WHAT IS NEEDED:
Each entry below is to be transcribed exactly; pictures are not copied.

Entries taken from a collection:
>>

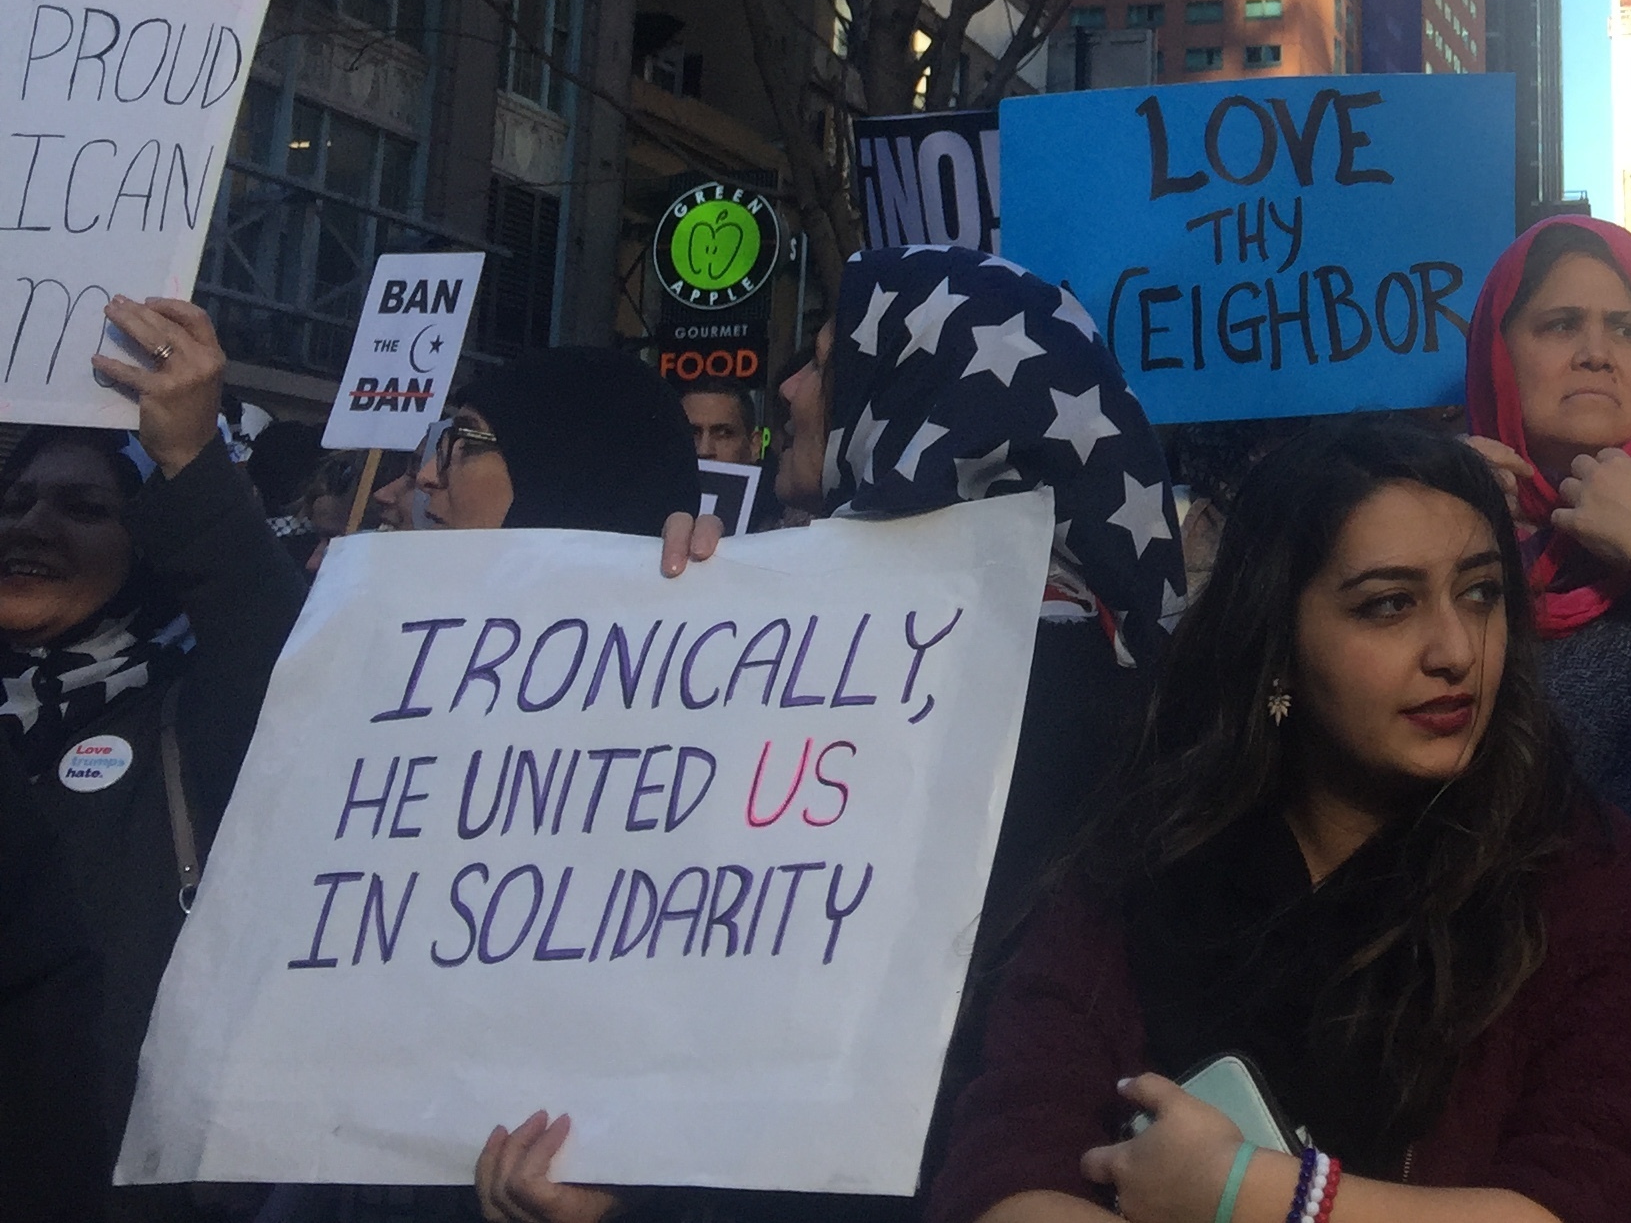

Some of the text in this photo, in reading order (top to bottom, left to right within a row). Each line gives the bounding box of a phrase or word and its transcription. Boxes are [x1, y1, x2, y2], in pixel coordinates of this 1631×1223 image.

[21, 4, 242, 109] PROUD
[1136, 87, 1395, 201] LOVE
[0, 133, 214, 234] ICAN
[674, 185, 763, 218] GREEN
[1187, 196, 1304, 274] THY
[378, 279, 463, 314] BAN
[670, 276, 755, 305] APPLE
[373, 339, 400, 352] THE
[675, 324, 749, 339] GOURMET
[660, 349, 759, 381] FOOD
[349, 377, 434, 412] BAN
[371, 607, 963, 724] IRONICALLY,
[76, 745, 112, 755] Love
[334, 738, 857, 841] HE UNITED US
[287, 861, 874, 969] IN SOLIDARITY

<<

FINISHED EXERCISE:
Some of the text in this photo, in reading order (top to bottom, left to right within a row). Each line gives the bounding box of a phrase or word and its transcription. Boxes are [x1, y1, x2, y2], in pixel coordinates of this 1631×1223 image.

[21, 4, 242, 109] PROUD
[1136, 87, 1395, 201] LOVE
[0, 133, 214, 234] ICAN
[674, 185, 763, 218] GREEN
[1187, 196, 1304, 274] THY
[378, 279, 463, 314] BAN
[670, 276, 755, 305] APPLE
[373, 339, 400, 352] THE
[675, 324, 749, 339] GOURMET
[660, 349, 759, 381] FOOD
[349, 377, 434, 412] BAN
[371, 607, 963, 724] IRONICALLY,
[76, 745, 112, 755] Love
[334, 738, 857, 841] HE UNITED US
[287, 861, 874, 969] IN SOLIDARITY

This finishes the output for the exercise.